(Task data Opens)
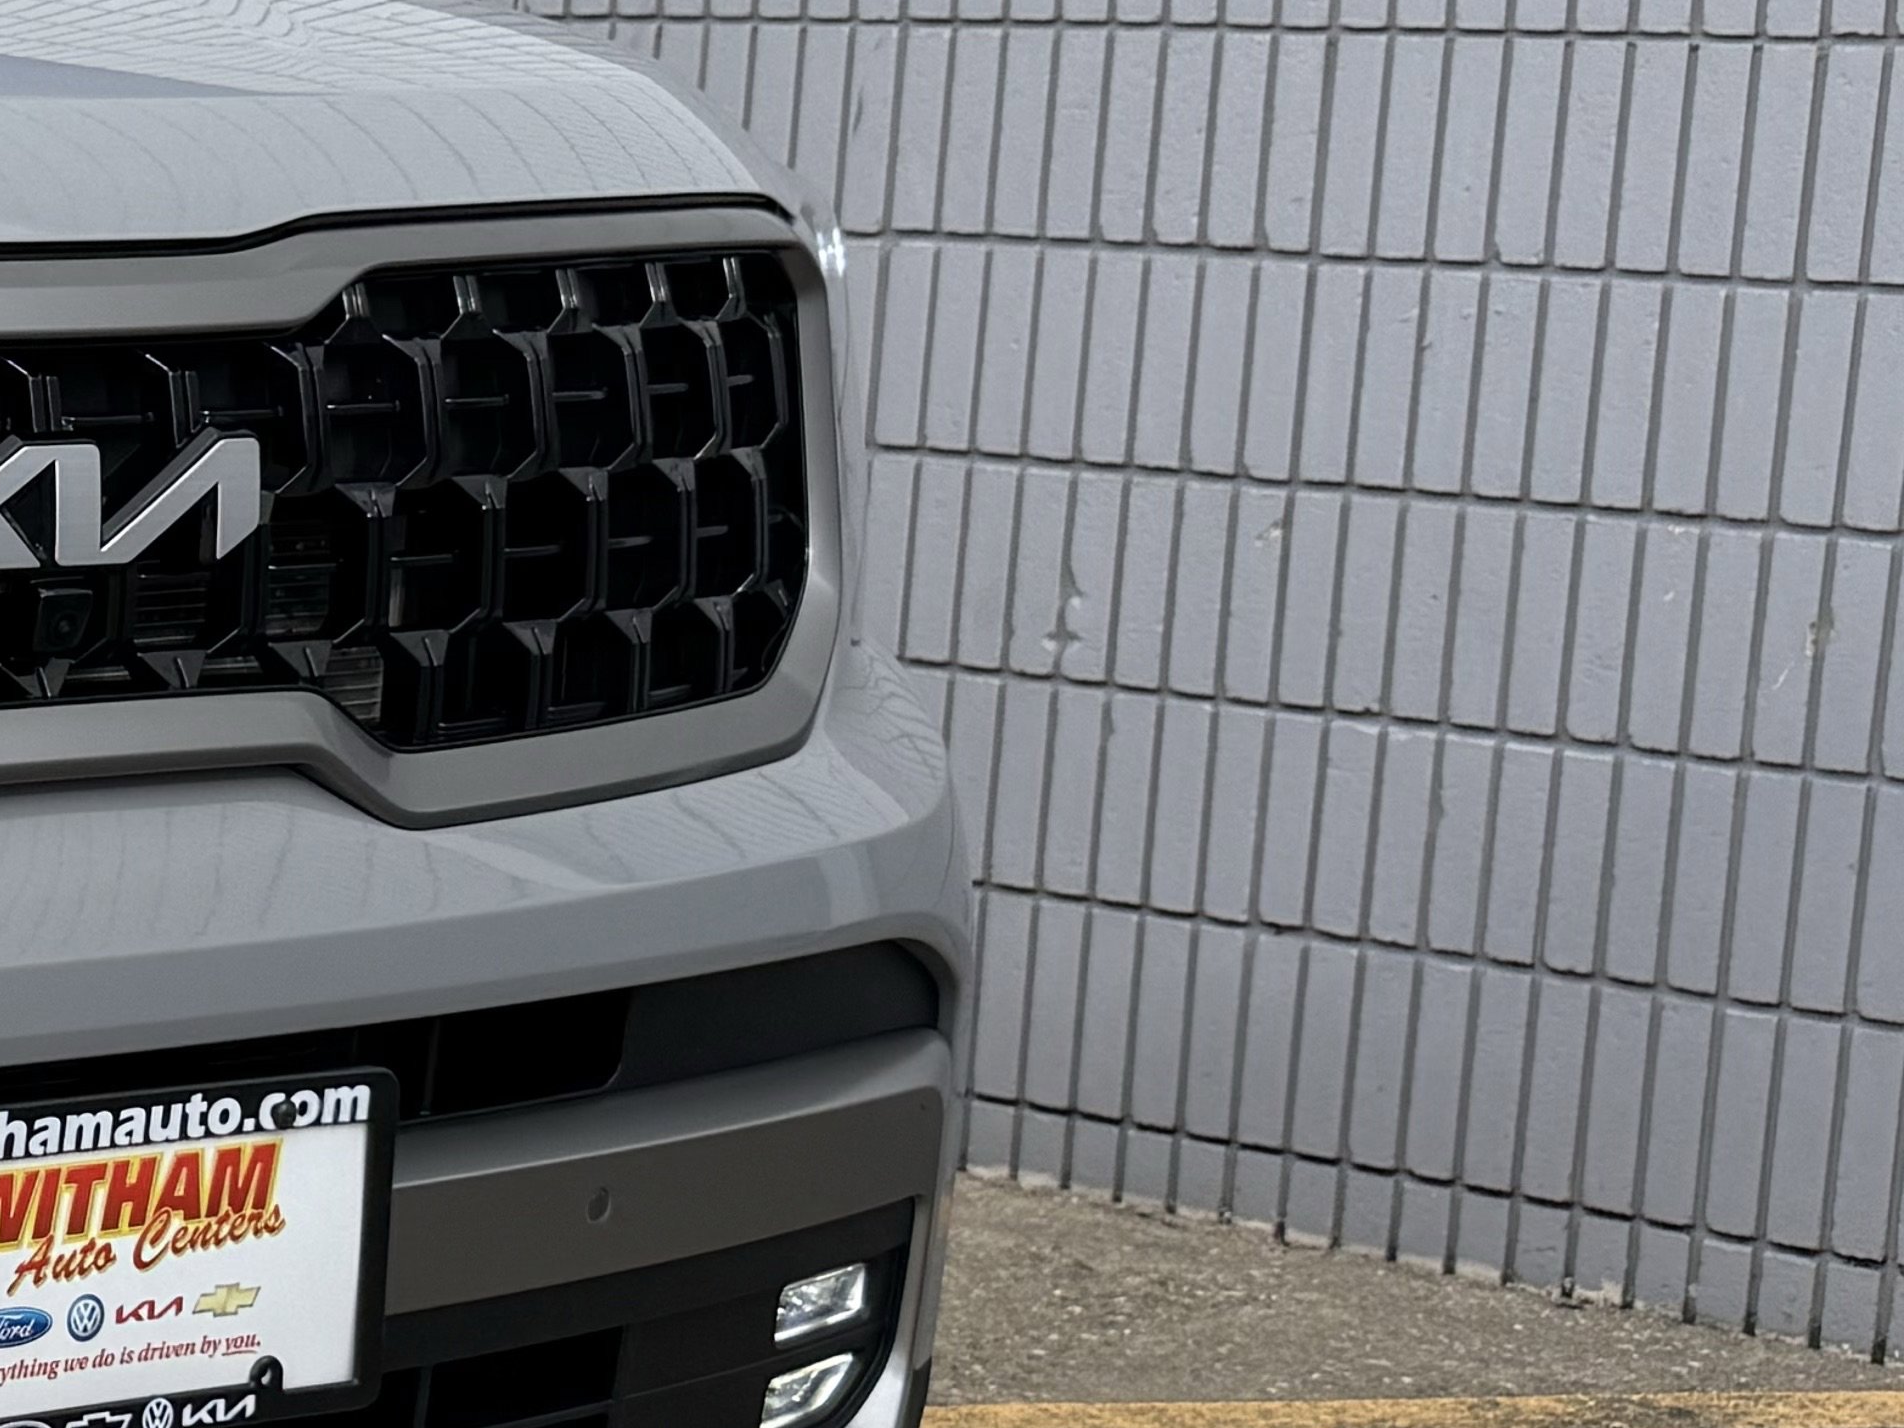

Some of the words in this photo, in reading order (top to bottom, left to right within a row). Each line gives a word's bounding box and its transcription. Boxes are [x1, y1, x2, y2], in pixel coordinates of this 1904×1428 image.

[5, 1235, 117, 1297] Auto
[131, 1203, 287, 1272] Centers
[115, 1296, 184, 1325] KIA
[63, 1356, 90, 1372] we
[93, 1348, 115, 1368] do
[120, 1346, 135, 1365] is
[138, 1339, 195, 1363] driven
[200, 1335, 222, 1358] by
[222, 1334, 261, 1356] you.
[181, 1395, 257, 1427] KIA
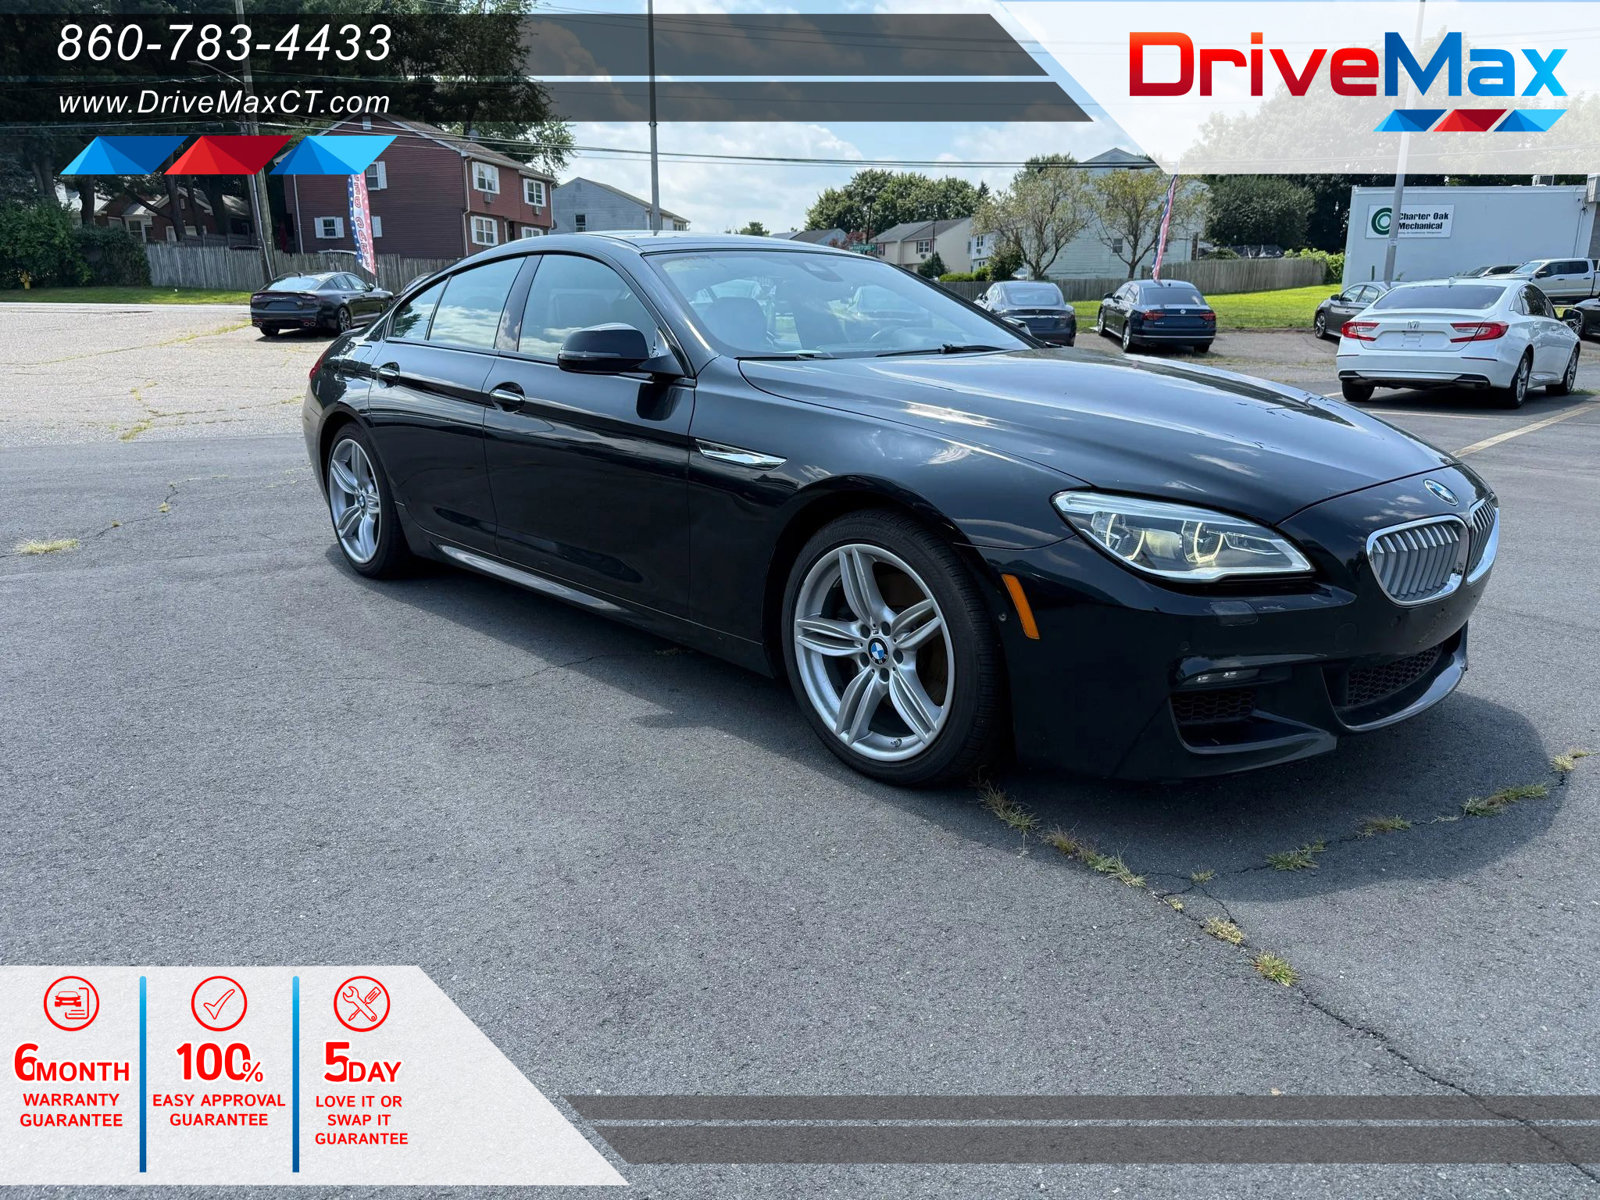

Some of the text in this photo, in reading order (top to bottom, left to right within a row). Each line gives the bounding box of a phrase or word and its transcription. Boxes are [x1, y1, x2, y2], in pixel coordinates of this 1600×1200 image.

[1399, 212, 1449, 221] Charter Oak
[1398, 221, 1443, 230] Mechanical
(Task data Closes)
§ Prompt:
Take the preceding listing and transcribe it exactly, skipping the pictures.

§ Solution to this problem:
Some of the words in this photo, in reading order (top to bottom, left to right within a row). Each line gives a word's bounding box and its transcription. Boxes are [x1, y1, x2, y2], in pixel coordinates of this 1904×1428 image.

[5, 1235, 117, 1297] Auto
[131, 1203, 287, 1272] Centers
[115, 1296, 184, 1325] KIA
[63, 1356, 90, 1372] we
[93, 1348, 115, 1368] do
[120, 1346, 135, 1365] is
[138, 1339, 195, 1363] driven
[200, 1335, 222, 1358] by
[222, 1334, 261, 1356] you.
[181, 1395, 257, 1427] KIA

Some of the text in this photo, in reading order (top to bottom, left to right within a row). Each line gives the bounding box of a phrase or word and its transcription. Boxes are [x1, y1, x2, y2], in pixel coordinates of this 1600×1200 image.

[1399, 212, 1449, 221] Charter Oak
[1398, 221, 1443, 230] Mechanical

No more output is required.